Project 467088

The global spread of SARS-CoV-2 has led to significant viral evolution. A number of variants of concern (VOCs) have already been identified, among which Delta now dominates the COVID-19 landscape in many countries including Canada. Common to all VOCs are sets of naturally selected changes providing a fitness advantage for the virus. One of the fastest evolving sites is Open Reading Frame (ORF) 8, a protein present in COVID-19 patients blood whose numerous roles include contributing to cytokine storm seen in severe disease. ORF8 also mediates viral immune escape by downregulating key molecules necessary for immune cells to detect infection. One such molecule is Major Histocompatibility Complex I (MHC-I), a key player in clearing infections by presenting viral components on infected cells to then be targeted by immune cells. Also, I recently discovered that ORF8 downregulates Fc gamma receptor 1A (FcGR1A) present on immune cells that associates with antiviral antibodies to protect against infection. This reduction in MHC-1 and FcGR1A levels lets SARS-CoV-2 evade host immunity, yet whether this function is enhanced in VOCs is unknown. I therefore hypothesize that ORF8 mutations antagonizing immunity through MHC-1 and FcGR1A downregulation contribute to the increased pathogenesis of SARS-CoV-2 VOCs.

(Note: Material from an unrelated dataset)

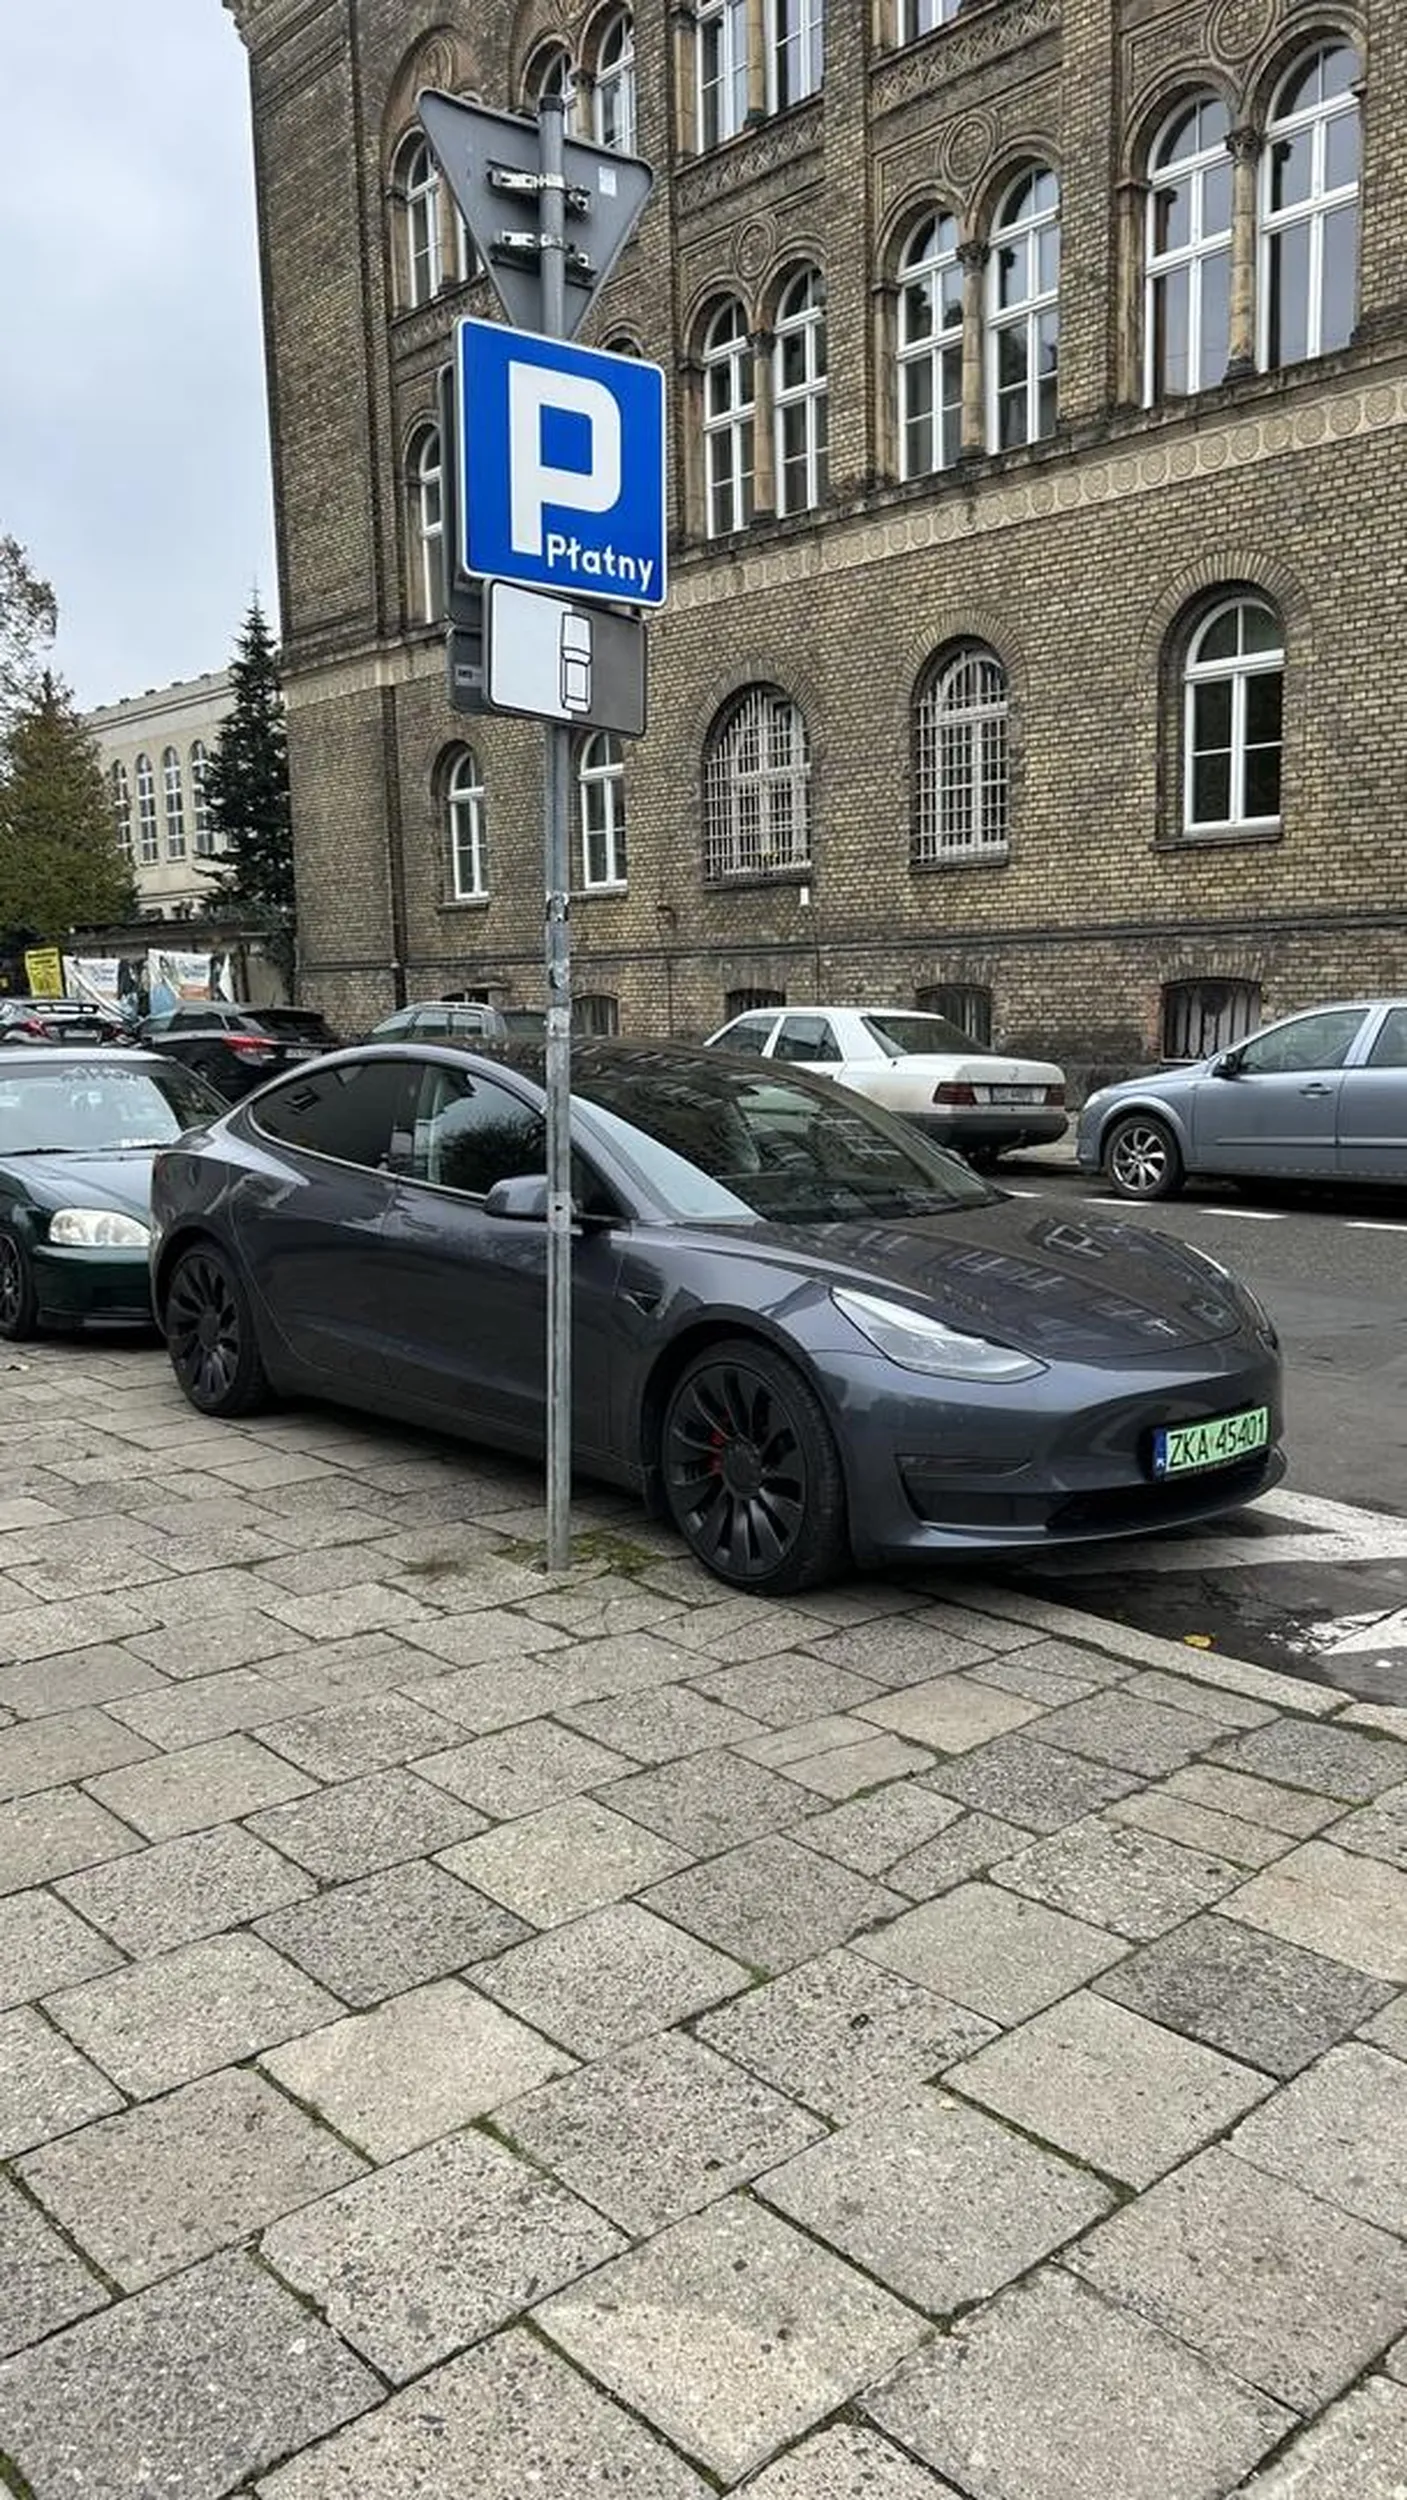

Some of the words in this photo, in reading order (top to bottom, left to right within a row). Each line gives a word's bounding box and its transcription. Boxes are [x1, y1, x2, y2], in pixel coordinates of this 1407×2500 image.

This work aims to identify mutations enhanced in ORF8 of circulating VOCs and examine if and how they increasingly downregulate MHC-1 and FcGR1A in a cell model system. I believe the characterization of mutations in fast evolving sites like ORF8 is crucial to further elucidate the molecular basis for viral pathogenesis. Such work will inspire the development of antiviral therapies specifically targeting immune impairment to enhance SARS-CoV-2 surveillance by host immunity.